10. The legal basis for any action that may be taken pursuant to the FNPRM is contained in sections 1, 2, 4(i)-4(j), 201, 202, 272 and 303(r) of the Communications Act of 1934, as amended, 47 U.S.C. 151, 152, 154(i)-4(j), 201, 202, 272 and 303(r).
Description and Estimate of the Number of Small Entities to Which the Proposed Rules Will Apply
11. The RFA directs agencies to provide a description of and, where feasible, an estimate of the number of small entities that will be affected by the proposed rules. The RFA generally defines the term “small entity” as having the same meaning as the terms “small business,” “small organization,” and “small governmental jurisdiction.” In addition, the term “small business” has the same meaning as the term “small business concern” under the Small Business Act. A small business concern is one which: (1) Is independently owned and operated; (2) is not dominant in its field of operation; and (3) satisfies any additional criteria established by the Small Business Administration (SBA).
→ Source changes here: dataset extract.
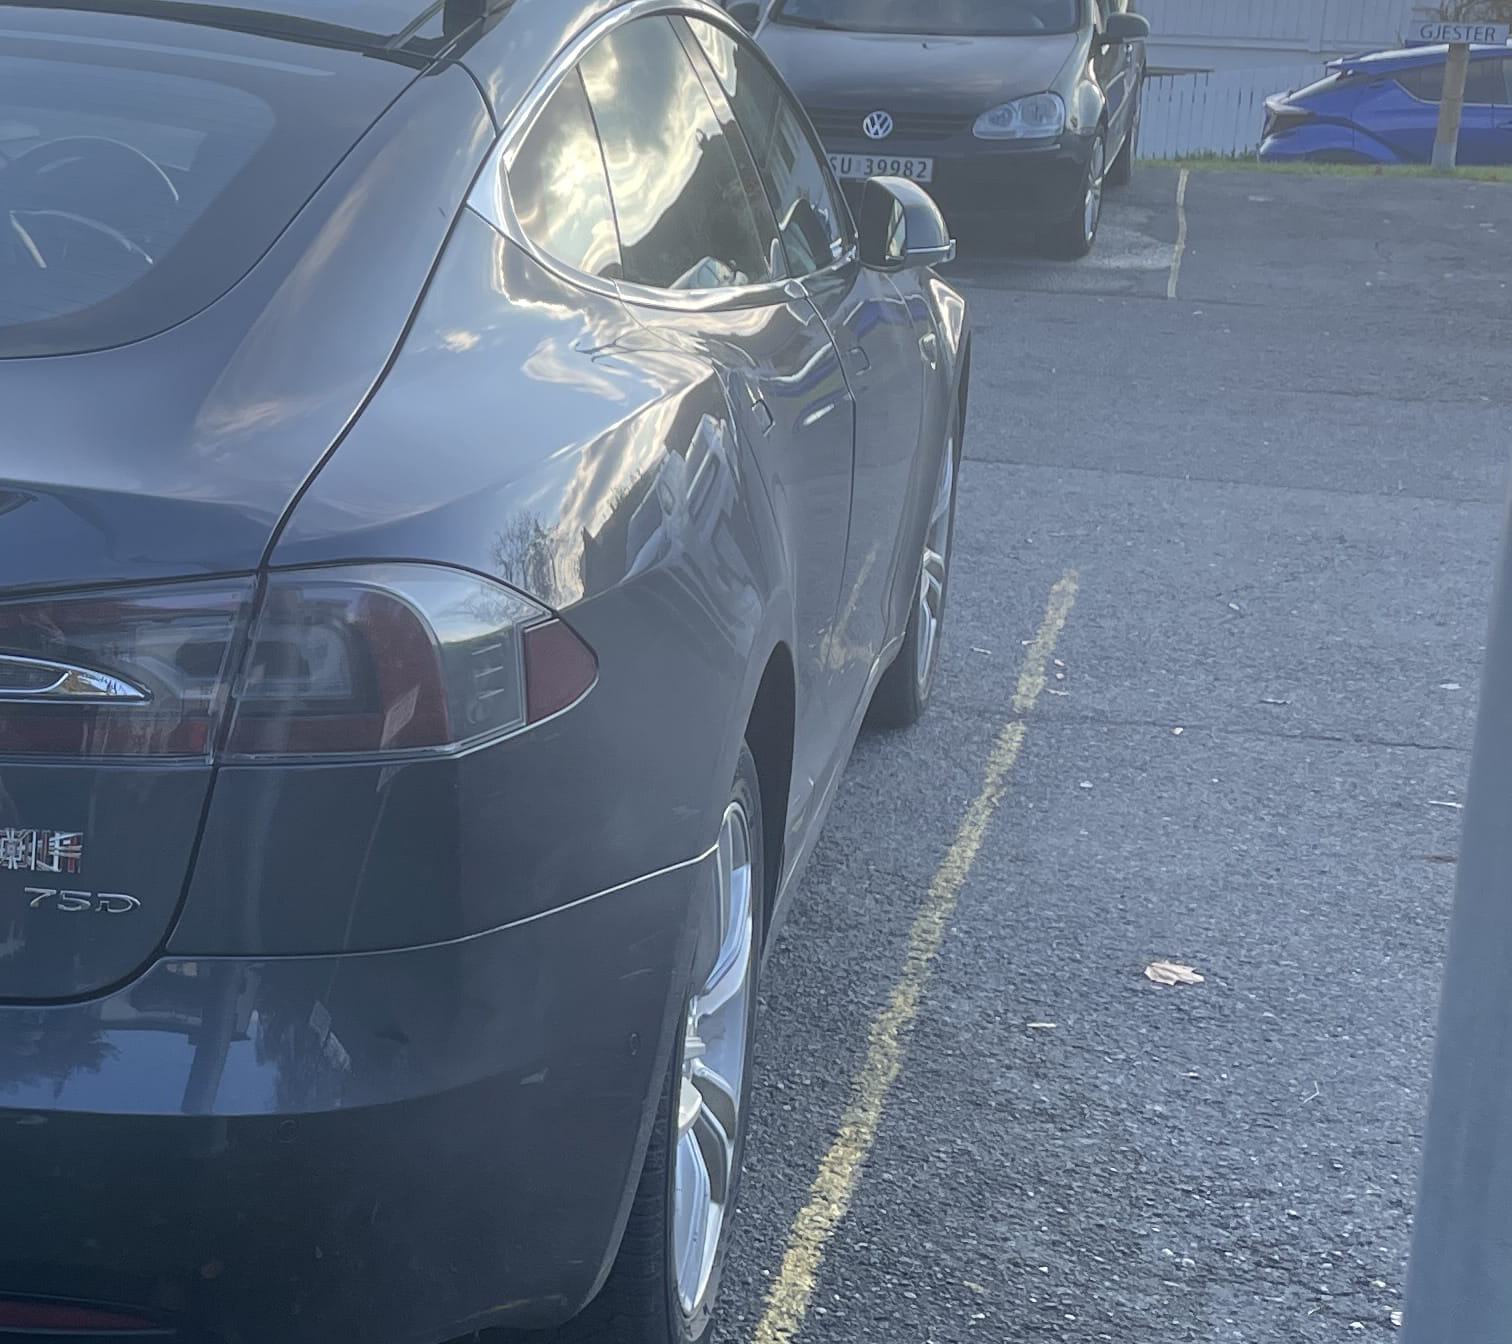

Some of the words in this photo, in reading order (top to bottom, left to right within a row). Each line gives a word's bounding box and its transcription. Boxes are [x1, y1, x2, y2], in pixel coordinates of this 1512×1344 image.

[1420, 24, 1496, 42] GJESTER
[863, 157, 928, 179] 39982
[23, 886, 142, 914] 75D
12. The Commission has included small incumbent LECs in this present RFA analysis. As noted above, a “small business” under the RFA is one that, inter alia, meets the pertinent small business size standard (e.g., a telephone communications business having 1,500 or fewer employees), and “is not Start Printed Page 32009dominant in its field of operation.” The SBA's Office of Advocacy contends that, for RFA purposes, small incumbent LECs are not dominant in their field of operation because any such dominance is not “national” in scope. It has therefore included small incumbent LECs in this RFA analysis, although the Commission emphasizes that this RFA action has no effect on FCC analyses and determinations in other, non-RFA contexts.
13. Incumbent Local Exchange Carriers. Neither the Commission nor the SBA has developed a small business size standard specifically directed toward providers of incumbent local exchange service. The closest applicable size standard under the SBA rules is for Wired Telecommunications Carriers. This provides that such a carrier is small entity if it employs no more than 1,500 employees. Commission data from 2000 indicate that there are 1,329 incumbent local exchange carriers, total, with approximately 1,024 having 1,500 or fewer employees. The small carrier number is an estimate and might include some carriers that are not independently owned and operated; we are therefore unable at this time to estimate with greater precision the number of these carriers that would qualify as small businesses under SBA's size standard. Consequently, the Commission estimates that there are no more than 1,024 ILECS that are small businesses possibly affected by our action.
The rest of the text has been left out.